MedicalResearch.com Interview with:
Saad Omer MBBS MPH PhD
Associate Professor Emory Vaccine Center
Associate Professor Global Health and Epidemiology
Rollins School of Public Health
MedicalResearch: Can you give us a little background on this study?
Dr. Omer: My background is in global health, epidemiology and pediatrics and I have been fortunate to conduct field and clinical vaccine trials in a number of countries and with multiple infectious diseases including influenza, polio, measles and pneumococcal vaccines.
We were familiar with the data on investigating the potential effects of statins on other infections i.e. sepsis and community acquire pneumonia including
Dr. Vandermeer’s study in 2012 suggesting that “statin use may be associated with reduced mortality in patients hospitalized with influenza”.
Statins have lipid-lowering effects but they also exhibit anti-inflammatory and immunomodulatory properties. For lack of a better image, I think of statins as acting like a ‘big hammer made of Jell-O’: they have a broad, small dampening effect on immune response (as opposed to a narrow or deep effect).

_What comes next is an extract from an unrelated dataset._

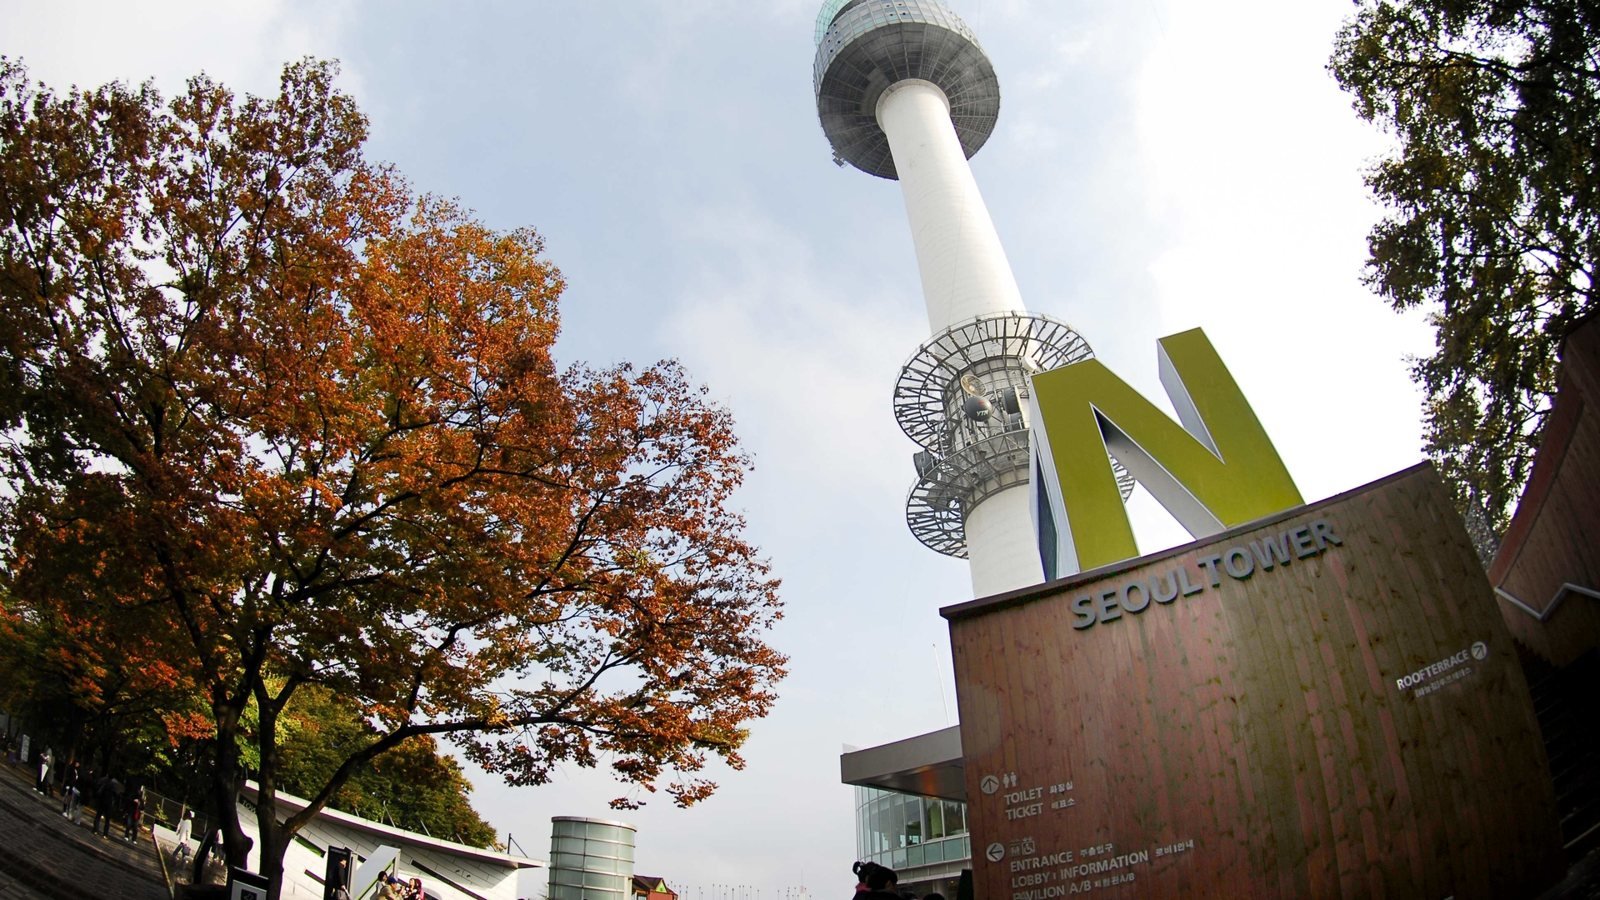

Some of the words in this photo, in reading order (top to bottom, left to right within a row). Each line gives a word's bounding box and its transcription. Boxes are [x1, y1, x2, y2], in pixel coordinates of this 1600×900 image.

MedicalResearch: What are the main findings?
Dr. Omer: . The difference in vaccine effectiveness between statin users and nonusers was small but significant especially during periods of widespread influenza circulation.
MedicalResearch: What should clinicians and patients take away from this report?
Dr. Omer: There are three main points:
- While these findings are interesting, it is important to note that this was an observational report that needs to be replicated in a prospective study.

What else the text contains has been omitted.